Surnommé affectueusement par ses amis "ant-man", Benoit Guénard, est chercheur et enseignant français à Hong Kong, spécialiste de la biodiversité et expert du monde des fourmis. Il est à l’origine du premier musée de la biodiversité à Hong Kong. Nous l’avons rencontré.
Très jeune, je m'intéressais aux insectes
Quel est votre parcours ?
Depuis très jeune, j’ai eu la chance d’être exposé à la biologie, par mon père d’abord qui lui-même est agronome et phytopathologiste et également dans le reste du cadre familial où j’avais la permission de garder toute sorte d’animaux à la maison. Très vite, je m’intéressais aux insectes. J’ai donc fait mes études supérieures en biologie naturellement. À 21 ans, je suis parti pour Montréal au Québec, et c’est par 6 semaines de cours de terrain dans la forêt laurentienne que j’ai commencé une nouvelle vie. Rapidement, j’ai eu l’opportunité de faire un premier projet de recherche sur les fourmis dans l’un des laboratoires de l’université en collaboration avec le Biodôme de Montréal. C’est de là qu’est née ma passion pour les fourmis que j’étudie depuis plus de deux décennies maintenant. En 2014, j'ai eu l'opportunité de monter mon propre laboratoire, the Insect Biodiversity and Biogeography Laboratory, au sein de l’Université de Hong Kong comme professeur assistant. Je suis ensuite devenu professeur associé titulaire en 2020.
Il existe 16 000 espèces de fourmis
Qu’est-ce qui créé cette passion pour les insectes ?
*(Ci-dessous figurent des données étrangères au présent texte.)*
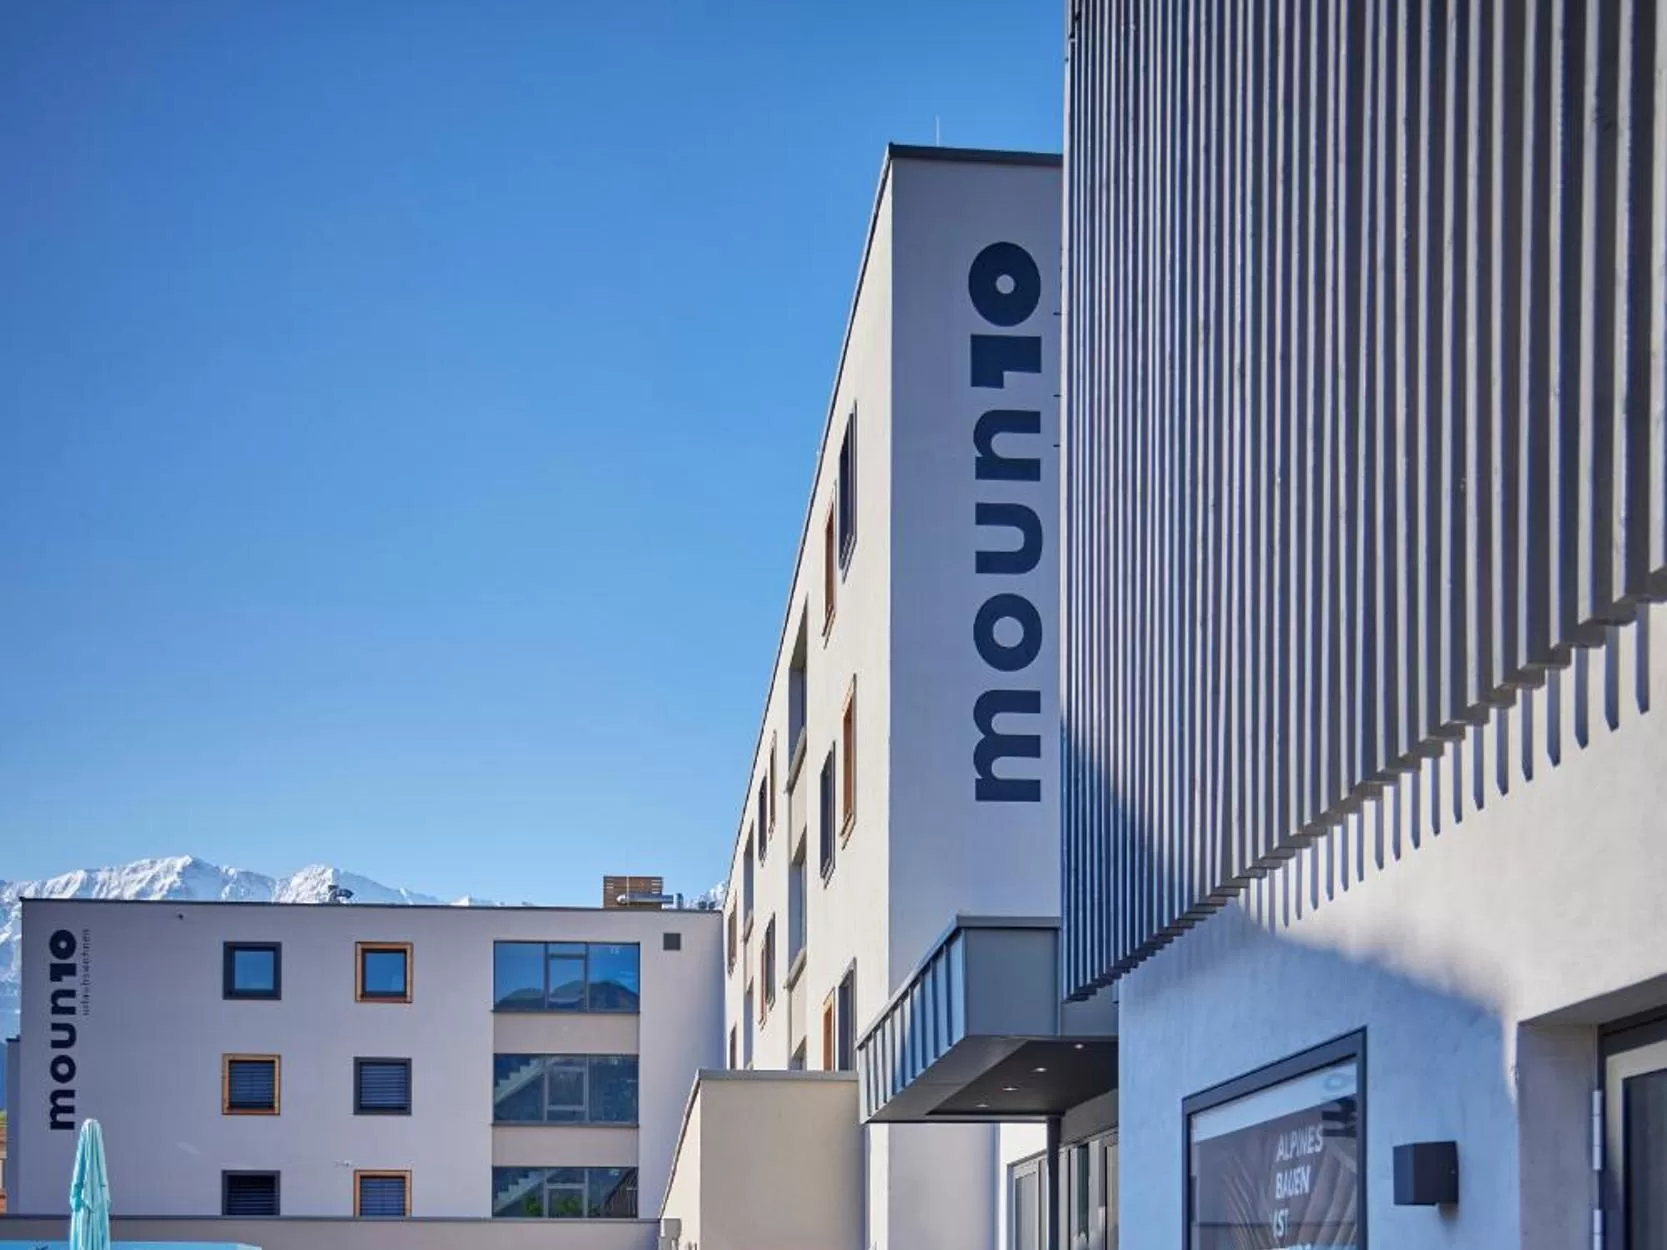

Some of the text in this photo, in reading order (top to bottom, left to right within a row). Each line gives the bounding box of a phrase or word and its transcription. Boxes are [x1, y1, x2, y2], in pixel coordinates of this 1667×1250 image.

[968, 240, 1043, 802] moun10
[49, 929, 77, 1131] moun10
[1275, 1123, 1324, 1162] ALPINES
[1275, 1165, 1311, 1199] BAUEN
[1272, 1207, 1289, 1239] IST
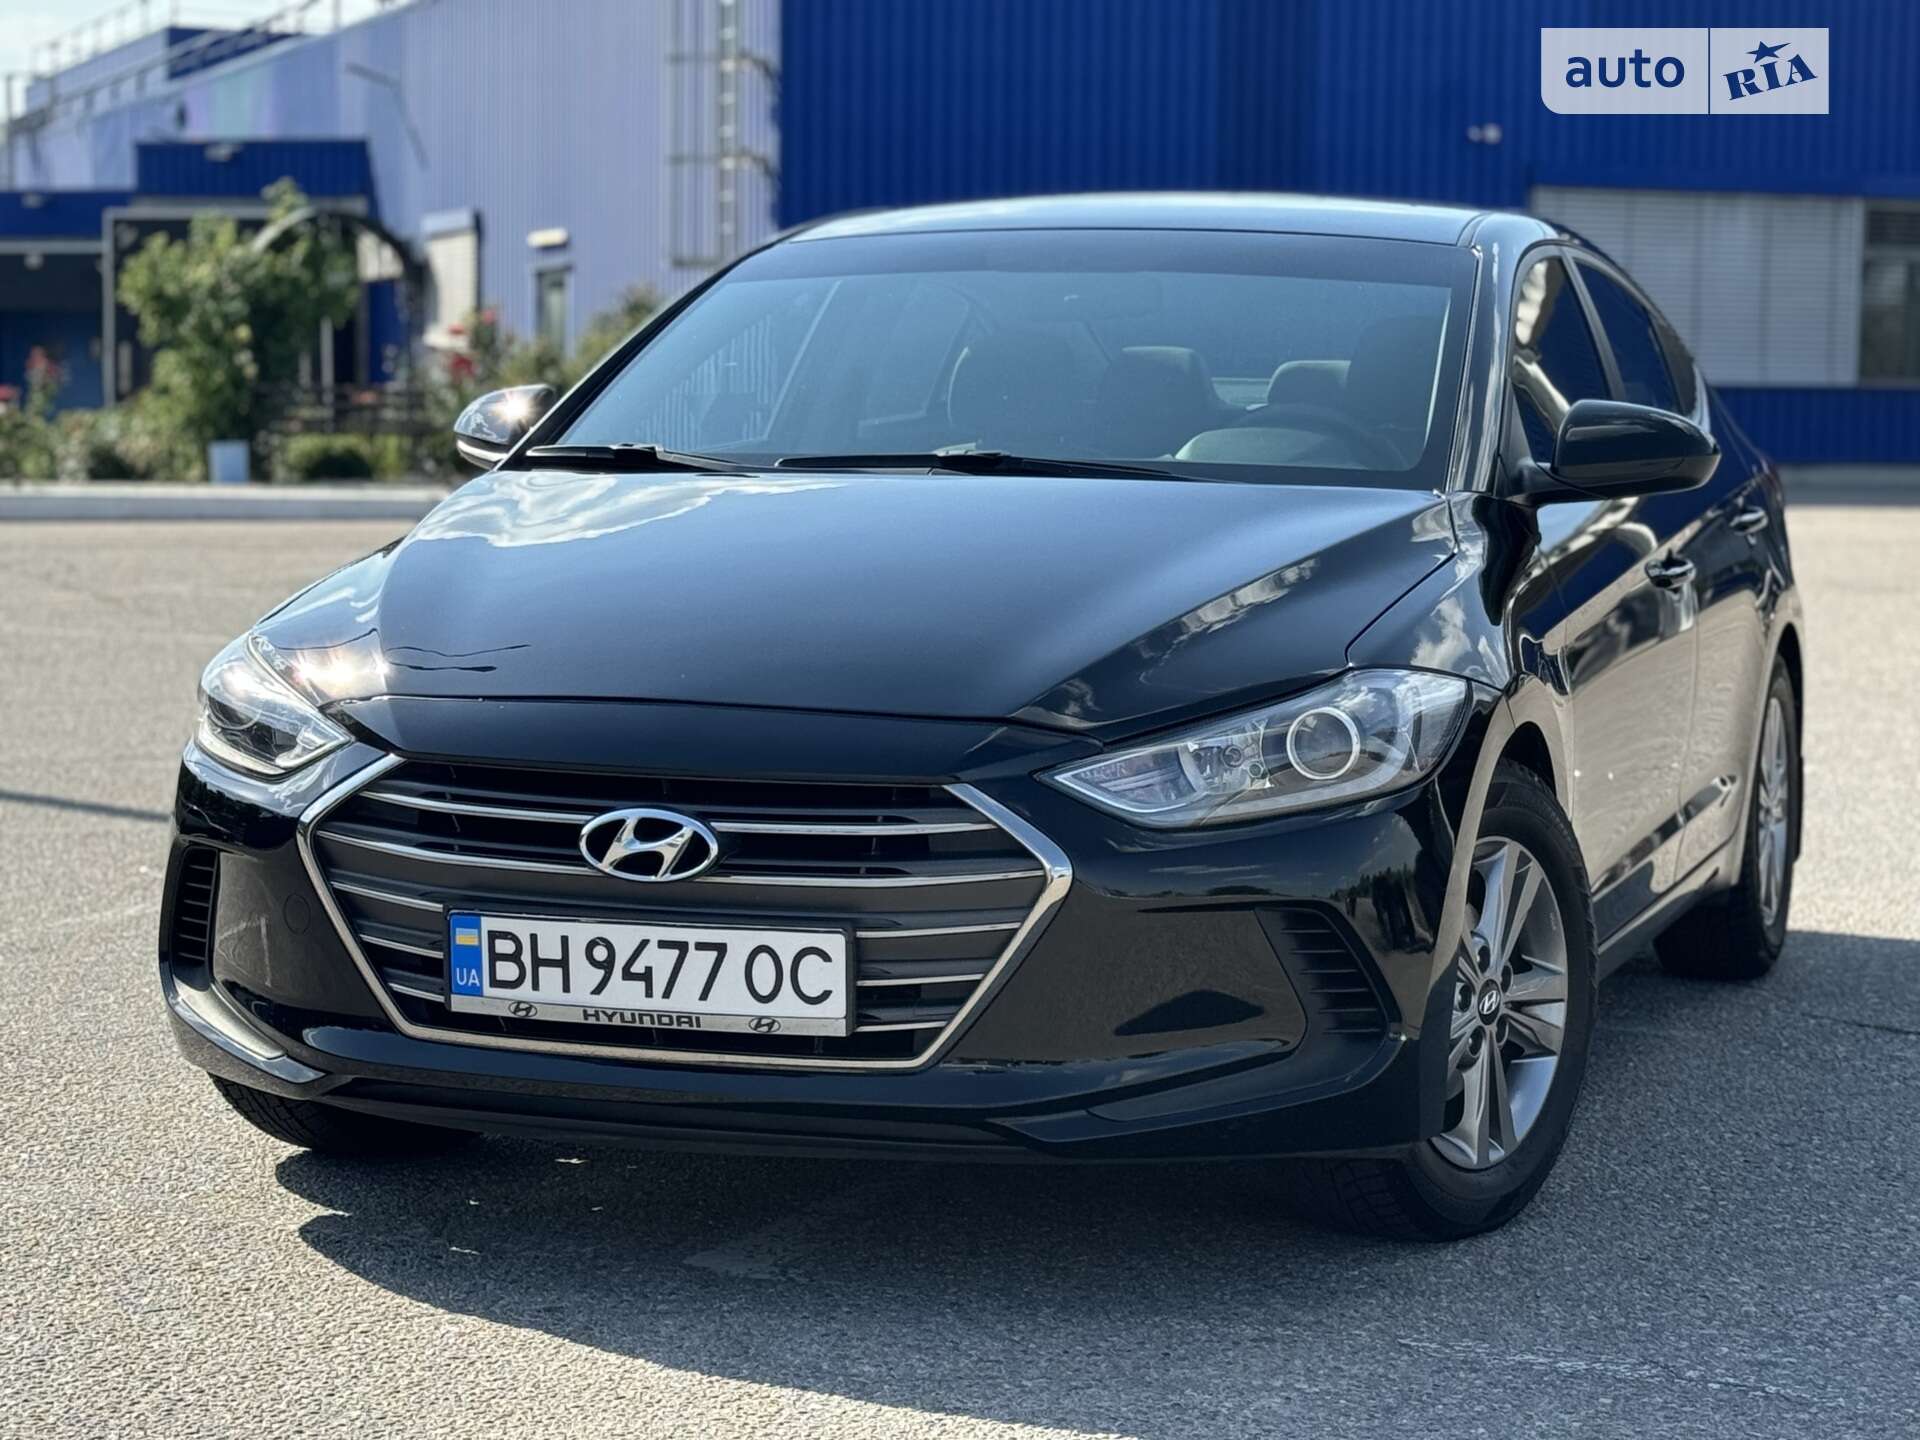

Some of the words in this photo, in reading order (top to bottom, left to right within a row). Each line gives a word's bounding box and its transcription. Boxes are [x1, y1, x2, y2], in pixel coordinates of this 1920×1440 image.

[456, 967, 481, 987] UA
[487, 930, 571, 994] BH
[584, 936, 728, 1001] 9477
[744, 943, 834, 1005] OC
[582, 1008, 702, 1028] HYUNDAI
Enfant, je passais alors des heures à observer autour de moi, et puis il faut bien l’avouer à expérimenter un peu, pas toujours de la façon la plus rigoureuse, ni délicate. Dans ce terrain de jeu, les animaux que je rencontrais le plus souvent étaient les insectes et j’ai donc progressivement commencé à me questionner sur ce qu’ils étaient, ce qu’ils faisaient, combien il y en avait… Et puis dans un livre j’ai lu un jour qu’ils y en avaient plus d’un million d’espèces, alors que nous, les mammifères, ne comptons qu'à peine 6000 espèces. Au début des années 90, alors que le terme biodiversité commençait à se populariser, je me suis dit que je devrais étudier ce groupe qui représente près de 60% de toute la vie sur terre. Ce fut les fourmis, petit groupe d’insectes avec 16,000 espèces connues, qui m’ont d’abord émerveillé par leur comportement au semblant si proche de nos sociétés, puis ensuite leur écologie et leurs rôles et importance dans la plupart des écosystèmes terrestres.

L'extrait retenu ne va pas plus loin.